Loin de ce pénible tumulte, de modestes amoureux du cinématographe persistent et signent. Ceux d’Artus, par exemple. Qui, maintenant depuis plus de dix ans, s’acharnent à dénicher gemmes et pépites du cinéma européen à l’ancienne. La dernière livraison est anglaise. Pour les sectateurs du genre, il n’y a que les films de la Hammer qui tiennent – Christopher Lee en comte Dracula et Peter Cushing en baron Frankenstein –, mais après ? Après, il y a, justement, un après.
Peter Walker en est un peu l’une des incarnations les plus méritantes. Avec lui, le cinéma « indépendant » n’est pas un vain mot, au contraire d’un Quentin Tarantino qui, financé par le Weinstein en question, fait du cinéma faussement populaire à destination des vrais snobs. Avec l’argent gagné avec quelques films un brin dénudés – Swinging London des sixties oblige –, Peter Walker, donc, rassemble assez de pépettes pour financer et réaliser ses propres films. D’où Mortelles Confessions et Flagellations, ses deux fleurons.
Il y a là peu de moyens, mais d’exceptionnels artisans. Photographie sublime, scénarios en béton armé et interprétation haut de gamme, la plupart des acteurs ayant été formés à l’école du théâtre shakespearien. Mortelles Confessions ? L’histoire d’un prêtre tueur, qui n’est pas sans rappeler celui d’Uruffe, en France, curé qui assassina sa maîtresse, enceinte de ses œuvres. Le film est glaçant, superbement mis en scène, « dérangeant », comme on dit. Flagellations participe du même registre, anglais toujours, telle l’éducation du même nom. Un couple confit en dévotion dirige une école de redressement pour le moins particulière, destinée à remettre de jeunes filles en perdition dans le droit chemin. Là encore, le résultat est singulièrement perturbant.
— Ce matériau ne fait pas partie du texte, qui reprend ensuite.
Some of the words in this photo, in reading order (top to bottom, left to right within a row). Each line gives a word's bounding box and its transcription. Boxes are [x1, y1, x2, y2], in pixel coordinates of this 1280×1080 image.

À l’époque, Peter Walker est accusé de faire dans l’antichristianisme militant. Ce procès est un faux procès. Ce n’est pas celui du christianisme qu’il instruit, mais celui du puritanisme ; il n’est pas anglais pour rien. Et, à l’instar de ses augustes prédécesseurs de la Hammer, tout est toujours plus complexe qu’il pourrait y paraître au premier abord. Certes, le clerc, laïc ou non, y est la figure centrale. Mais à la religion dévoyée qu’il entend promouvoir, une autre figure s’interpose toujours : le prêtre aimant et miséricordieux dans le premier cas ; la femme « libérée » mais détestant la débauche dans le second. Voire même le simple clampin qui, sans l’avoir théorisé, pratique cette "décence commune" si chère à George Orwell. Un des héros de Flagellations se nomme « monsieur Gentil » ; c’est dire.
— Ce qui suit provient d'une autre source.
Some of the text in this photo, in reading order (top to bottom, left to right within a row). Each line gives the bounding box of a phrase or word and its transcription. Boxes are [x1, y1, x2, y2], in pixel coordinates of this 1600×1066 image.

Ces nuances ne paraissent plus être de mise aujourd’hui ; tant, à de trop rares exceptions, les méchants sont désormais très méchants et les gentils très gentils. Aux USA, le gentil est un crétin extrême en collants qui se bat à coups de rames de métro. En France, c’est un intellectuel précaire à cheveux gras qui attend… le métro, tout en méditant sur la montée des extrémismes. Le méchant ? Un mafieux russe acoquiné à des islamistes colombiens sous l’égide d’un Français extrémiste qui fume ; ou quelque chose d’approchant. Dans les deux cas de figure, c’est extrêmement nigaud.
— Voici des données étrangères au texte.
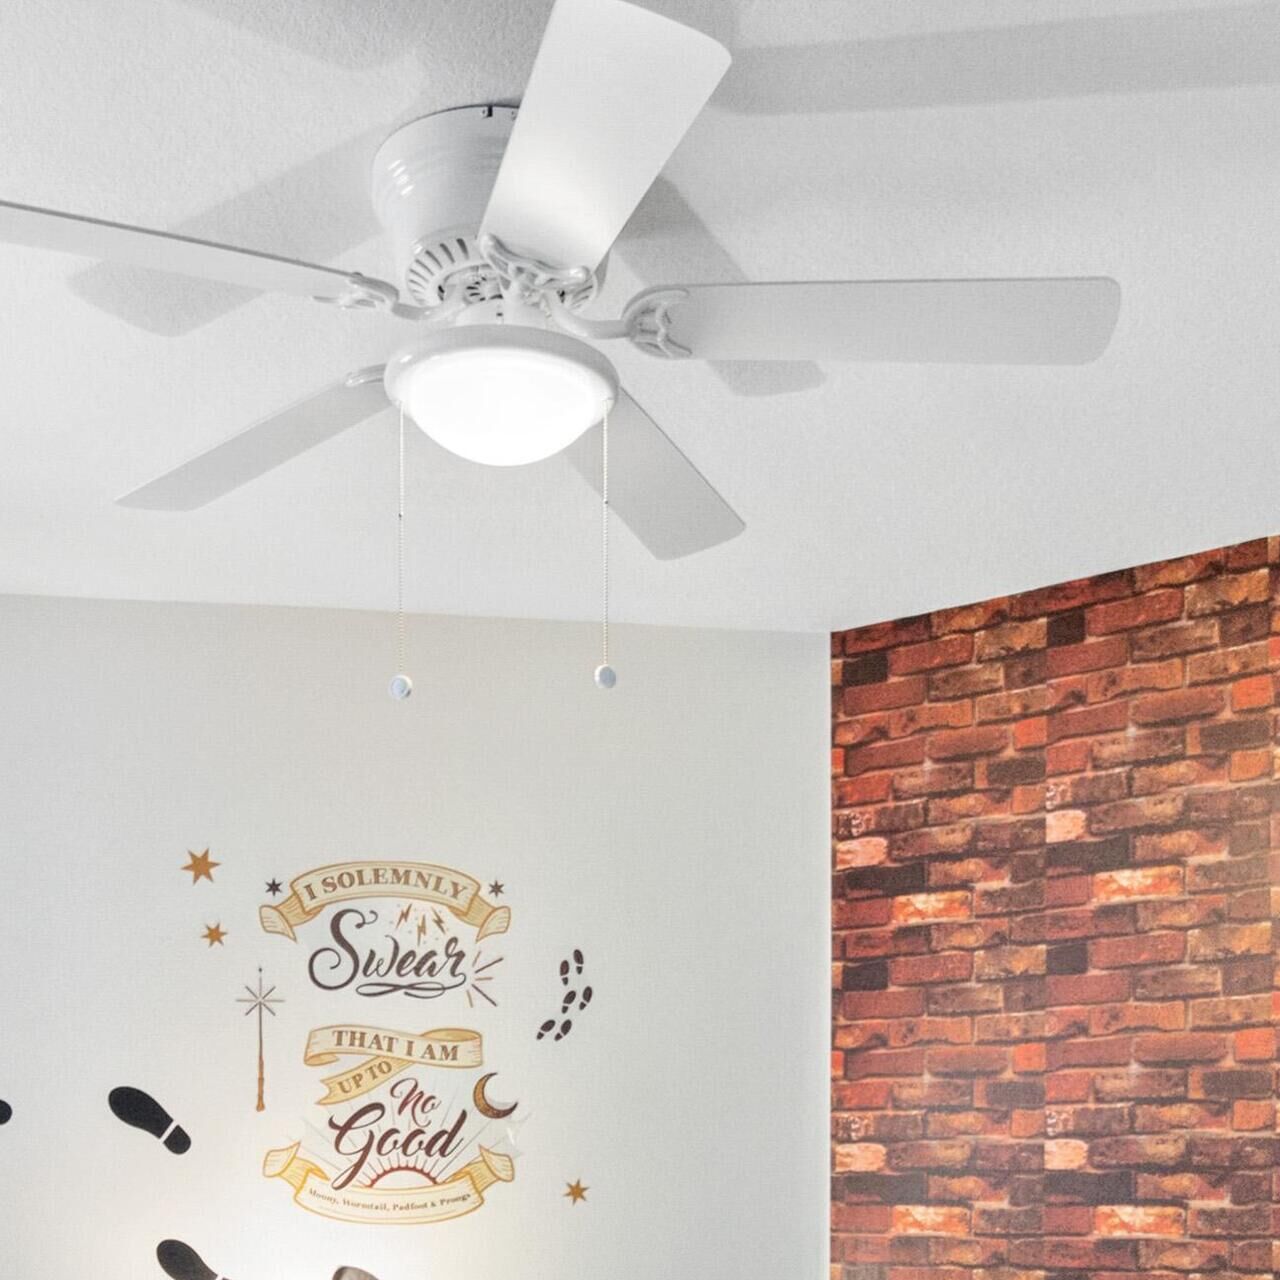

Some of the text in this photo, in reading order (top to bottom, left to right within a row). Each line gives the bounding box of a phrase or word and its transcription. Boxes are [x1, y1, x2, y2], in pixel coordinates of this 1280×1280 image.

[304, 867, 468, 901] I SOLEMNLY
[308, 908, 467, 999] Swear
[332, 1030, 460, 1062] THAT I AM
[337, 1060, 393, 1094] UP TO
[390, 1077, 442, 1128] No
[328, 1102, 468, 1191] Good
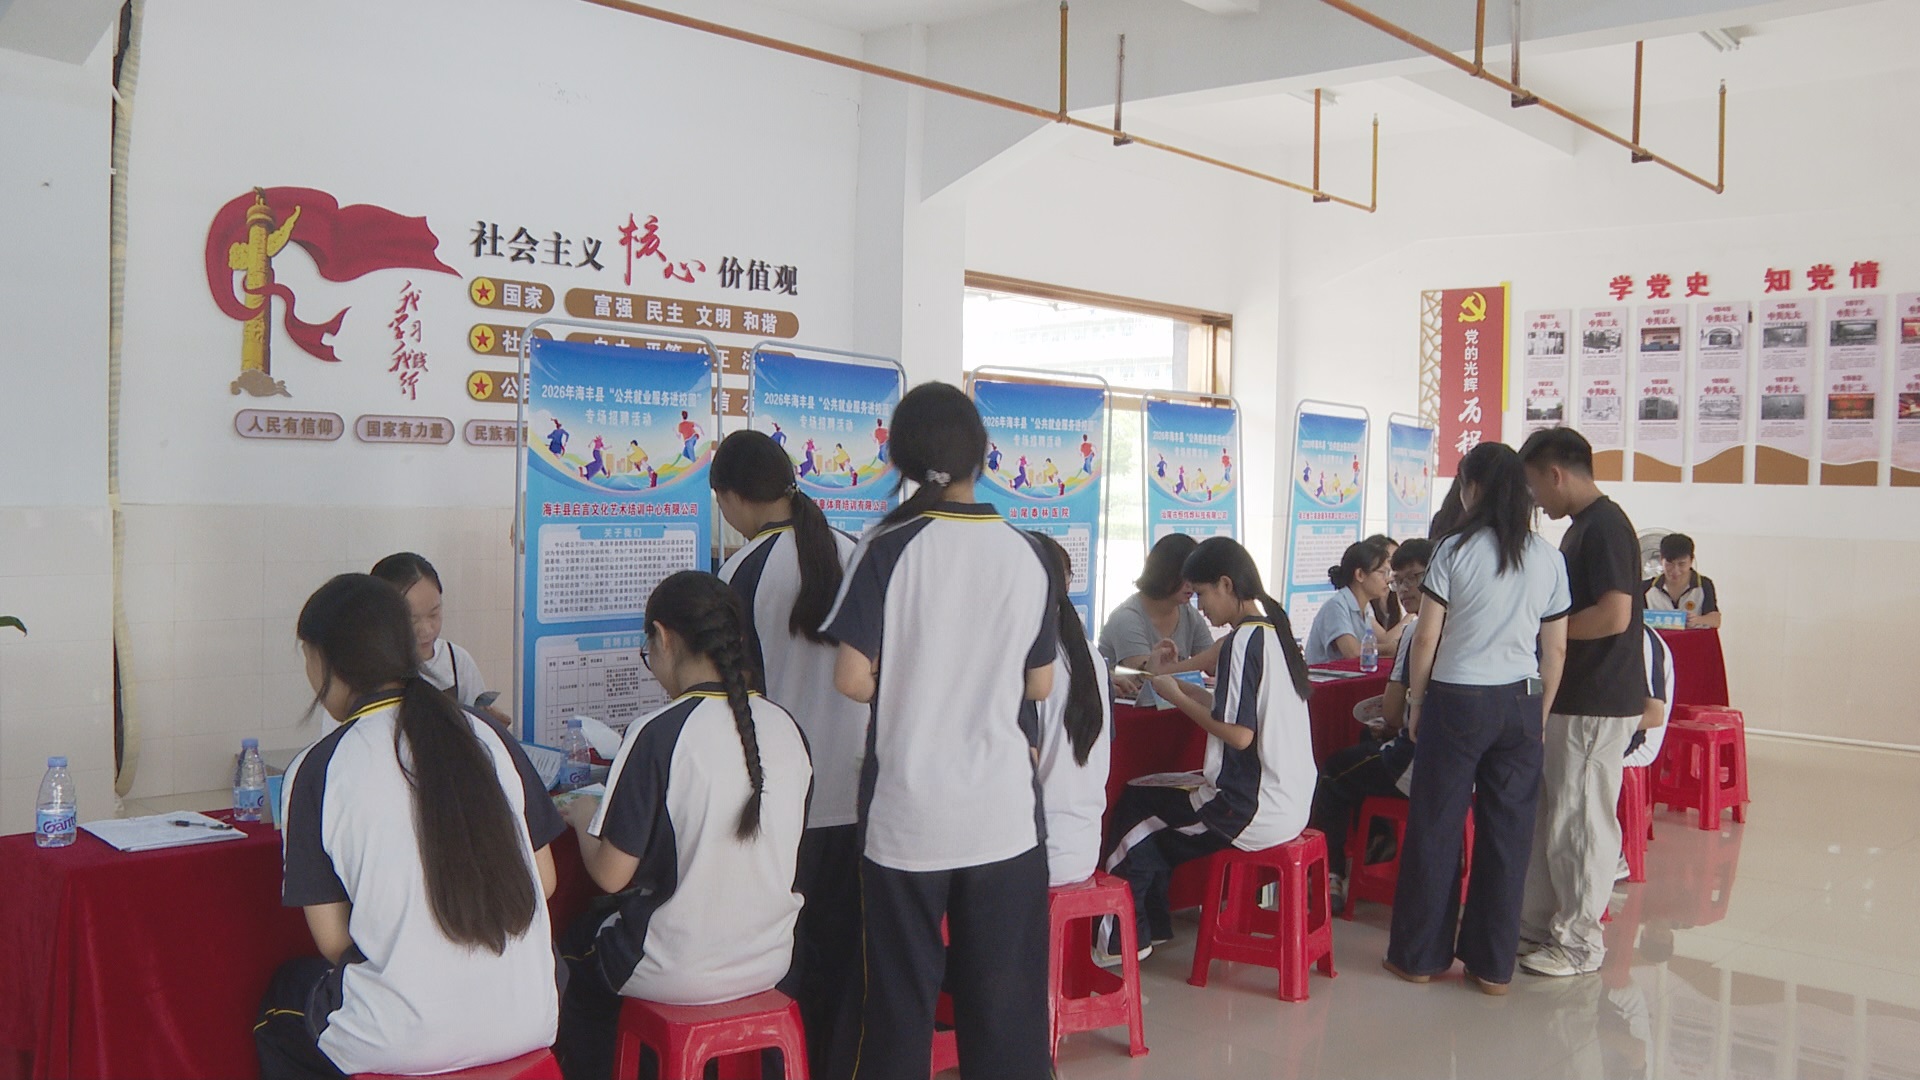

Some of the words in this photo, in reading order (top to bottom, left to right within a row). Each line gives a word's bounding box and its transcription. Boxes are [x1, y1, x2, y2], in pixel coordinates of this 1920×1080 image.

[469, 220, 605, 272] 社会主义
[618, 212, 706, 286] 核心
[717, 256, 799, 296] 价值观
[1609, 272, 1711, 300] 学党史
[1764, 261, 1880, 293] 知党情
[503, 283, 543, 309] 国家
[594, 294, 633, 319] 富强
[646, 300, 684, 324] 民主
[696, 305, 731, 329] 文明
[743, 311, 778, 334] 和谐
[248, 416, 333, 435] 人民有信仰
[585, 408, 653, 426] 专场招聘活动
[366, 420, 445, 440] 国家有力量
[542, 503, 698, 517] 海丰县启言文化艺术培训中心有限公司
[603, 528, 642, 538] 关于我们
Ces deux films, merci aux archéologues d’Artus de les avoir exhumés en des copies irréprochables. Car ils nous rappellent qu’il fut un jour une époque où les Européens savaient encore faire du cinéma intelligent. À voir d’urgence, donc, sauf peut-être pour les âmes les plus sensibles. Quoique… Ces dernières feront bien un petit effort tout en se faisant une douce violence. Car cela vaut amplement le coup. Vraiment le coup.